Have you ever felt like you have been uprooted from everything that told you who you were and where you were going? Your family name, your home town, your traditions, or everything that told you who you were and gave you some sense of your standing in the world, seemed to be gone. Maybe you felt this as a freshman in college, a freshman in a law firm or some other place, or maybe it has been after you lost a loved one or a home. You feel like everything that gave you some sense of your place in the world was uprooted.

Well, Ezra writes of people who knew exactly what that was like. They were the children of Israel who were gathered together and went back to Jerusalem after years of captivity. Ezra 3:1 says, “And when the seventh month was come, and the children of Israel were in the cities, the people gathered themselves together as one man to Jerusalem.” So, what do you do when you are uprooted? All of us have felt that way at times. Ezra gives us some good illustrations of what one should do when uprooted.

These people were without a place. They went back to Jerusalem, but Jerusalem had not personally been their home. It had been their ancestral home, but they had been without a place. They gathered together in Jerusalem, but Jerusalem was just as foreign to them as London would be to me. Whatever their ancestry may have been, they did not personally know Jerusalem.

The people were different; they were not the same people who had left Jerusalem years before. They had been uprooted from their people. The Bible says, “Then stood up Jeshua.” This was the grandson of the high priest who had been murdered by Nebuchadnezzar when the people were taken into captivity years before.

Their place was different, their people were gone, and also their traditions were changed. Verse 4 says, “They kept also the feast of tabernacles, as it is written.” So, before they even had a temple, the old one had been destroyed by Nebuchadnezzar.  They again started their traditions. When they returned to Jerusalem, they had to begin a new life.

So, what did they do? What do you do when you are uprooted? First, they found an authority. Verse 2 says that they “builded the altar of the God of Israel…as is written in the law of Moses…” Verse 4 says, “They kept also the feast of tabernacles, as it is written.” Again, verse 10 says that they praised the Lord “after the ordinance of David king of Israel.” How did they even know what to do? All that they had been accustomed to that could have informed them, their place, their people, and their traditions, were gone. But, they had something that was timeless, that could not be touched, and was unchanging. That is God’s Word; what God had said. It tells us a number of times that they built again as it was written. They had God’s authority on their life.

Second, they built a foundation. Throughout this chapter, the Bible explains how the foundation of the temple was not yet laid, but they began to do that. They constructed this altar before there was even a house of God, and they did this as close as they could tell on the foundation of the altar that had been there a generation or two before. So, they built a foundation. Start where you are. Maybe you aren’t where you wish you were financially, intellectually, socially, or with what is familiar. So, just start where you are; build a foundation. It doesn’t matter how big or small the building may be, you can’t build until you build a foundation.
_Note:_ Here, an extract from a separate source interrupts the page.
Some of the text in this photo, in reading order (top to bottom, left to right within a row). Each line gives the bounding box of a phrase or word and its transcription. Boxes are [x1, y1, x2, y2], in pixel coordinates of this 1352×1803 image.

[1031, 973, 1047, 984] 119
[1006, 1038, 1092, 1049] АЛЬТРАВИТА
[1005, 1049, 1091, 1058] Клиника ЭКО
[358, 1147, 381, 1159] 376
So, they found an authority, built a foundation, and then they looked ahead. When the work was begun, there was weeping and shouting for joy. The old men who had known the original temple cried because they remembered what was in the past and thought there was no way this new temple would be as good as the old temple. The young men shouted for joy because having not seen the past, all they could do was look to the future, and they rejoiced for where they were right then.

Wherever you may find yourself in life, all of us at times feel uprooted from our place, our people, or our traditions. When these people found themselves in that place, they found an authority, built a foundation, and looked forward. We can do no less, and we can do no more.